1
Yorum
1
Beğeni
5,0
Puan
1208
Okunma

uslandım anne
artık bebeklerimin kollarını bacaklarını çıkarmıyorum
acı çekecek diye, komşunun kedisini çekelemiyorum kuyruğundan
babamın peşinden yırtılan ayakkabılarımı elime alıp koşmuyorum
O’ da yorgun gitgide daha az çatılıyor kaşları
nedendir bilmem daha çok oturuyor o duman altı karanlıklarda..
ekmeği soğutmadan yiyebiliyorum,çorbayı üflemeden
üstelik hiç kimse kırılan camı için gelmiyor kapımıza
sen gittikten sonra bayramlara heyecanlanmıyor, ikinci bir el öpmüyorum
komşunun çocuğunun güzel elbiselerini bile sildim aklımdan
artık istemiyorum o bayramlık denen ıvır zıvır şeyleri
alıp elime teker teker savurdum hüzünlerimi gönül boncuklarımdan
büyüdüm
büyüdükçe daraldı evimizin odaları
ve daha çok sevdim bana yalnızlığı sevdiren koyu siyahları
avuçlarım hızla kalınlaşıyor günden güne
bu şeyin adına nasır diyorlar ben yeni duydum.

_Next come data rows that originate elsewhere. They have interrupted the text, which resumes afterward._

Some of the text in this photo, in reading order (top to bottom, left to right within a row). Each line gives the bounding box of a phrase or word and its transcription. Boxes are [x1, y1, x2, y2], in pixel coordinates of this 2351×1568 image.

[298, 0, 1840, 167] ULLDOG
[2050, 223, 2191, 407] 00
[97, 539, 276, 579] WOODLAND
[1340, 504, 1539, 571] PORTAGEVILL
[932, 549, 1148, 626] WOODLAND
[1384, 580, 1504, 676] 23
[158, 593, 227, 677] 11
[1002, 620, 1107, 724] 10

gözlerimin altındaki halkalara bak istersen
yada yüzüme düşen hüzünde ara kocaman oluşumu
tırnaklarımla söküp söküp atıyorum hergece yanağımdaki o iki çukuru...

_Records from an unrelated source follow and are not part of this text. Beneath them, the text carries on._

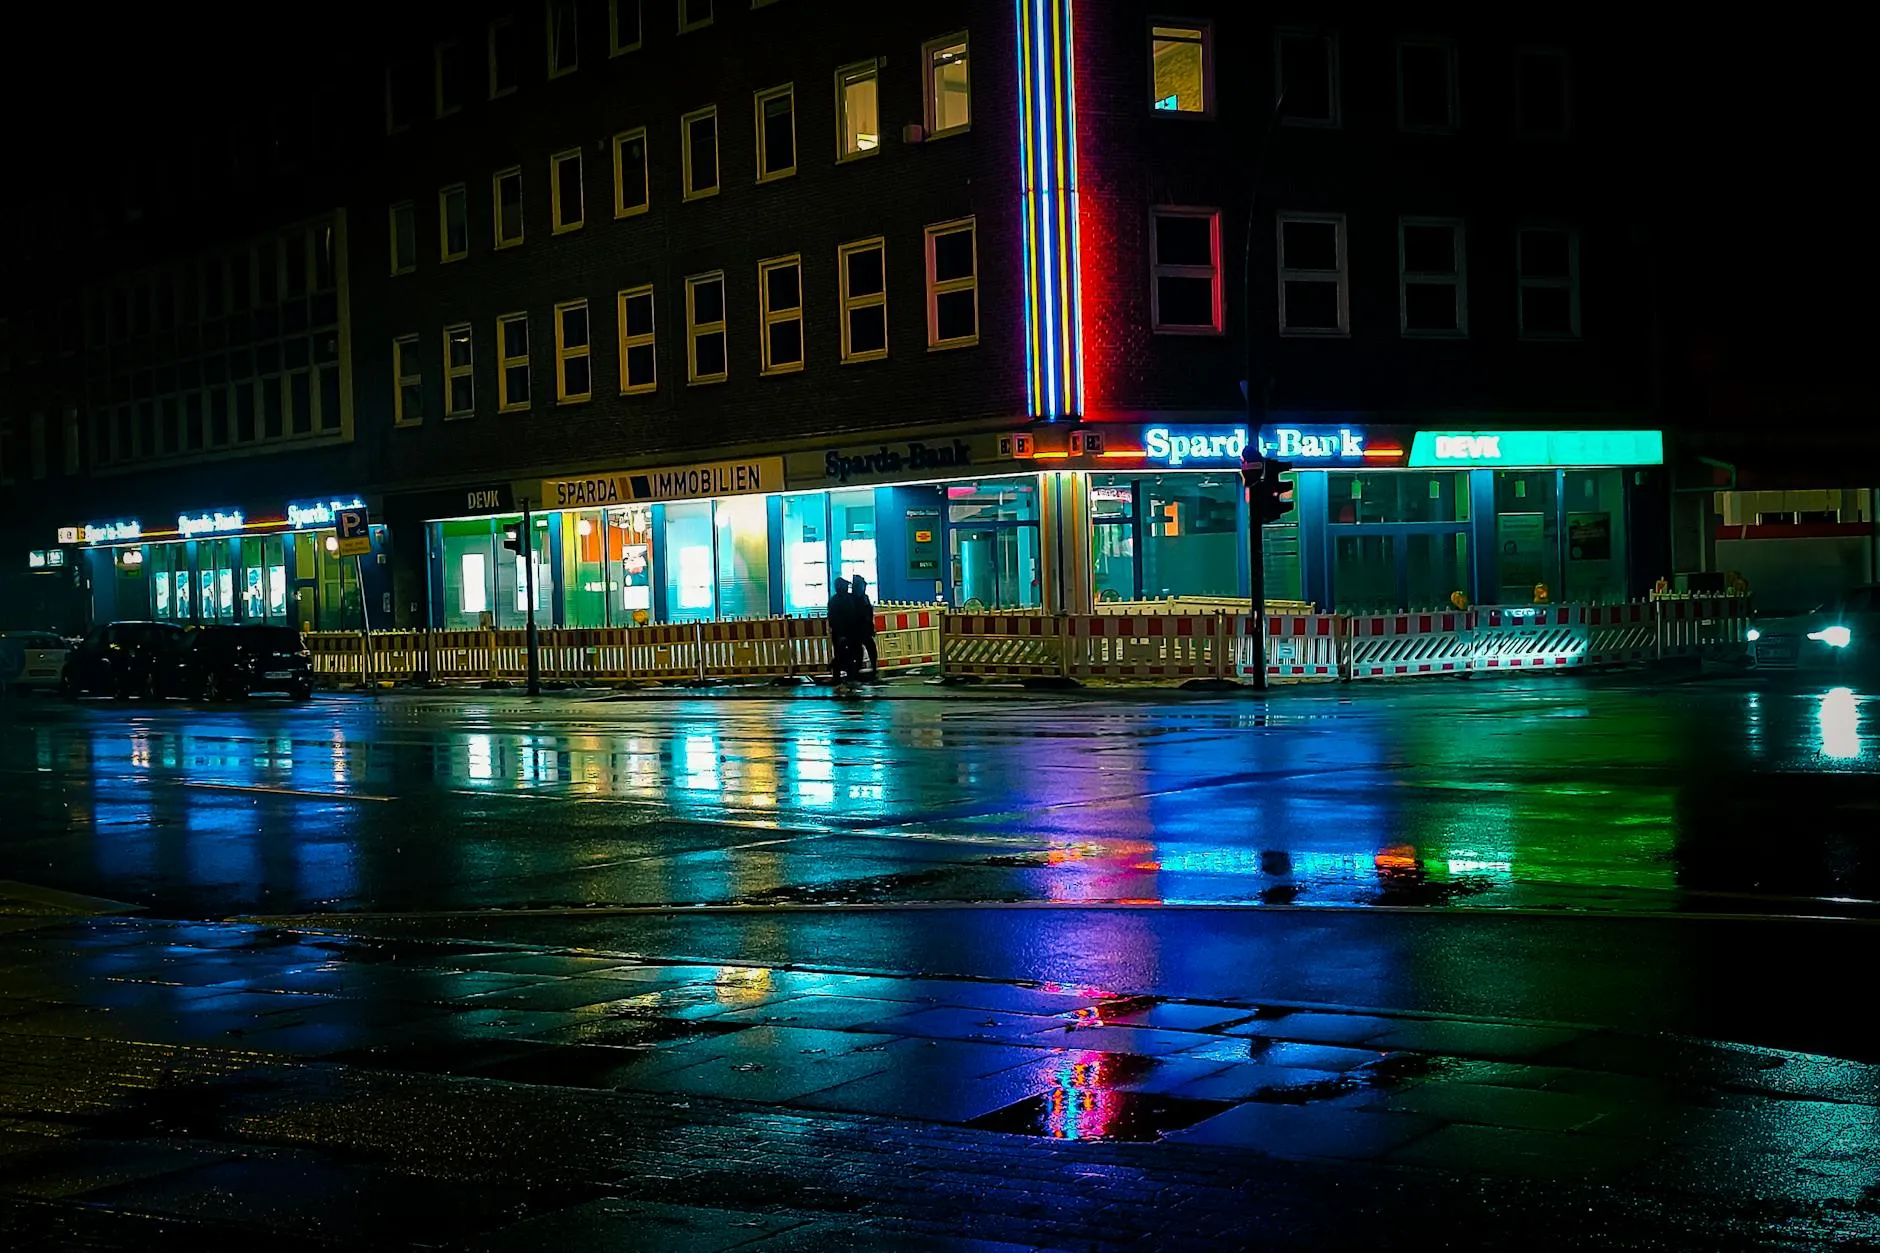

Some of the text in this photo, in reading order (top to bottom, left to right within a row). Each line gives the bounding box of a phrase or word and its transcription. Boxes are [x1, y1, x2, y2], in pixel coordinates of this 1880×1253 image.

[1435, 435, 1502, 458] DEVK
[826, 438, 971, 482] Sparda-Bank
[557, 464, 760, 505] SPARDA IMMOBILIEN
[467, 489, 500, 510] DEVK
[341, 512, 361, 538] P

o çukurlarda minnacık bileklerim kayboluyor,
anne ;
gözlerimi daha az kapatıyorum artık
ağlamak;
şimdilerde göz kapaklarımdan armağan yüzüme
hangi cümleye başlasam
ucu yanıyor sözümün, hayatıma aralanan yerlerinde.
anne;
sesinden adımı özledim
kızarken kızaran yanaklarını
arkamdan ağlayan ekmeği anne
kırmızı kurdeleli pabuçlarımı ...
Gülşah Gayret
...
5.0
100% (3)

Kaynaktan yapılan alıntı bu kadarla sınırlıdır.